There is a readme that should describe everything.
On a high-level, the setup recipes create a to-copy directory that contains everything that should be copied to the VM.
The gramine subfolder is path sensitive and must be placed at / in the VM.
The others can be moved anywhere. To check that your setup works, once you have copied the folders, do:
cd /path/to/gramine-benchmarks
# This should run the gramine-linux helloworld (not tyche)
make helloworld
# This should run the gramine-tyche helloworld
sudo TYCHE=1 make helloworld
The Makefile inside gramine-benchmarks attempts to run both the gramine program and the measurement logic (e.g., the client making http requests).
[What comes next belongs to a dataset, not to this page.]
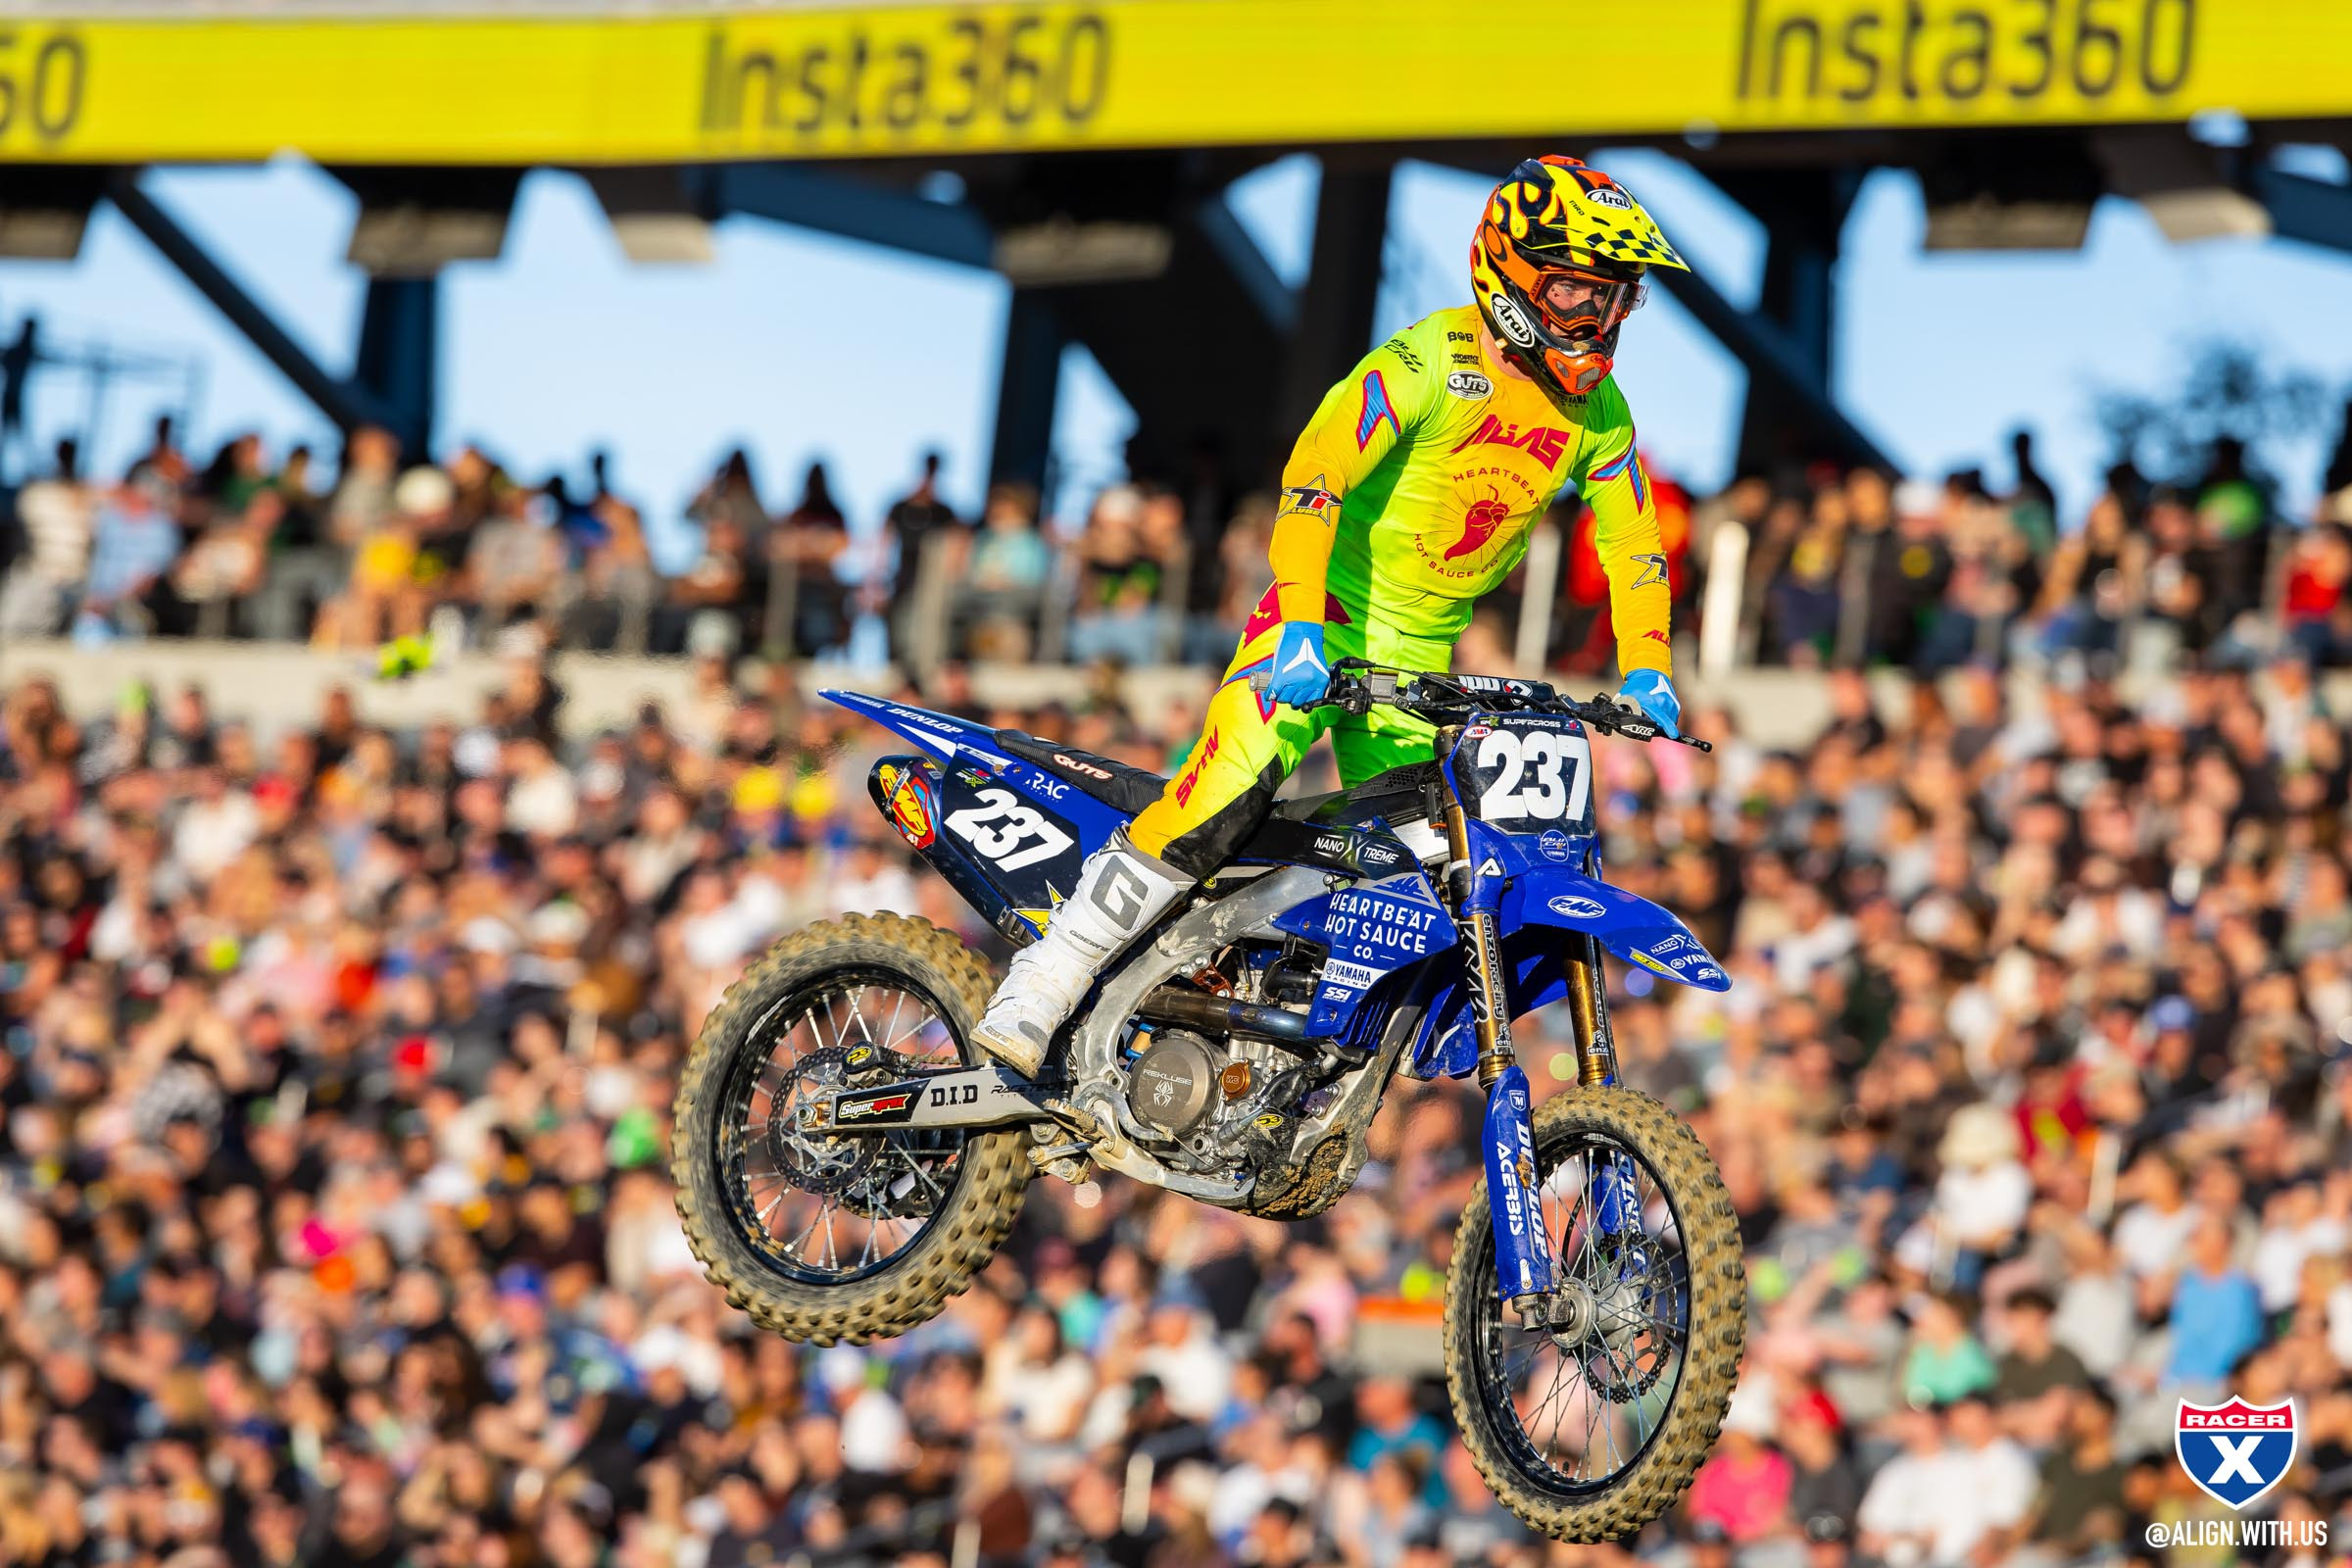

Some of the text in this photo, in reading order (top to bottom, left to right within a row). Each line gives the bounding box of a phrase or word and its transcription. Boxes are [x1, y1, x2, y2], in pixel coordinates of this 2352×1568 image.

I copied the default gramine logic for benchmarks for the moment but we can change that (especially if we have issues with wrk).
For benchmarks that create an output measurement, the results should be populated inside automatically inside gramine-benchmarks/results/name-of-the-app/[results+date].txt.
For the moment, we have the following benchmarks:
- helloworld
- rust (runs rust hyper http server)
- sqlite
- lighttpd
- redis
Make sure sqlite3 is installed on the VM with sudo apt install sqlite3.
I also played around with other benchmarks that are not fully supported:
- memcached (present in gramine original repo): It requires 16 threads, so 16 cores.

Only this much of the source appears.